Stéphane Mallarmé (/mɑːlɑːrˈm/;[1] French: [stefan malaʁme]; 18 March 1842 – 9 September 1898), whose real name was Étienne Mallarmé, was a French poet and critic. He was a major French symbolist poet, and his work anticipated and inspired several revolutionary artistic schools of the early 20th century, such as Cubism, Futurism, Dadaism, and Surrealism.

Biography

Stéphane Mallarmé was born in Paris. He worked as an English teacher and spent much of his life in relative poverty but was famed for his salons, occasional gatherings of intellectuals at his house on the rue de Rome for discussions of poetry, art and philosophy.
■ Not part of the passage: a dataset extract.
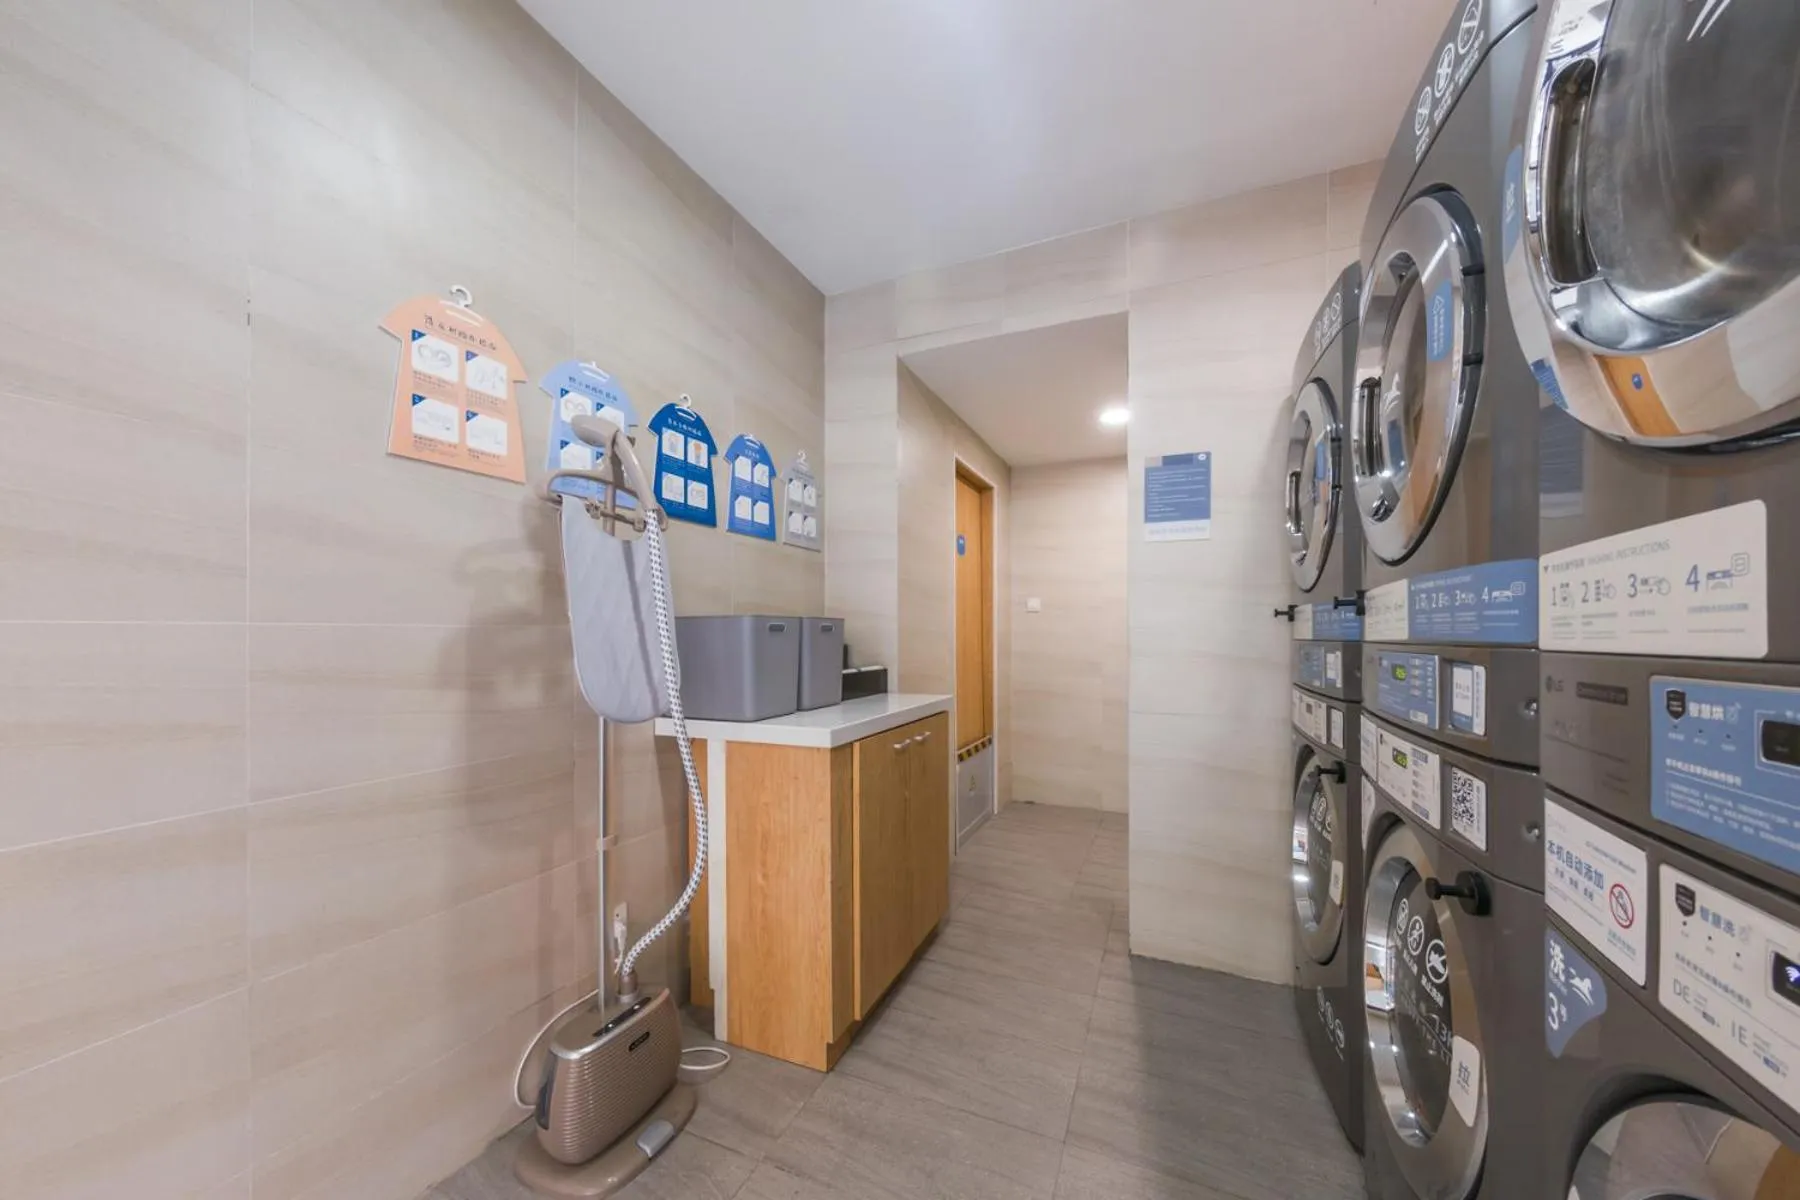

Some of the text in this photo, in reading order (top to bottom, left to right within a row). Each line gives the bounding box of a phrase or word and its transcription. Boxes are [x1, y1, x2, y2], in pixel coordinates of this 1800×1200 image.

The group became known as les Mardistes, because they met on Tuesdays (in French, mardi), and through it Mallarmé exerted considerable influence on the work of a generation of writers. For many years, those sessions, where Mallarmé held court as judge, jester, and king, were considered the heart of Paris intellectual life. Regular visitors included W.B. Yeats, Rainer Maria Rilke, Paul Valéry, Stefan George, Paul Verlaine, and many others.

On 10 August 1863, he married Maria Christina Gerhard. Their daughter, (Stéphanie Françoise) Geneviève Mallarmé, was born on 19 November 1864. Mallarmé died in Valvins (present-day Vulaines-sur-Seine) September 9, 1898.

Style

Édouard Manet, Portrait of Stéphane Mallarmé, 1876

Mallarmé's earlier work owes a great deal to the style of Charles Baudelaire who was recognised as the forerunner of literary Symbolism.[2] Mallarmé's later fin de siècle style, on the other hand, anticipates many of the fusions between poetry and the other arts that were to blossom in the next century. Most of this later work explored the relationship between content and form, between the text and the arrangement of words and spaces on the page. This is particularly evident in his last major poem, Un coup de dés jamais n'abolira le hasard ('A roll of the dice will never abolish chance') of 1897.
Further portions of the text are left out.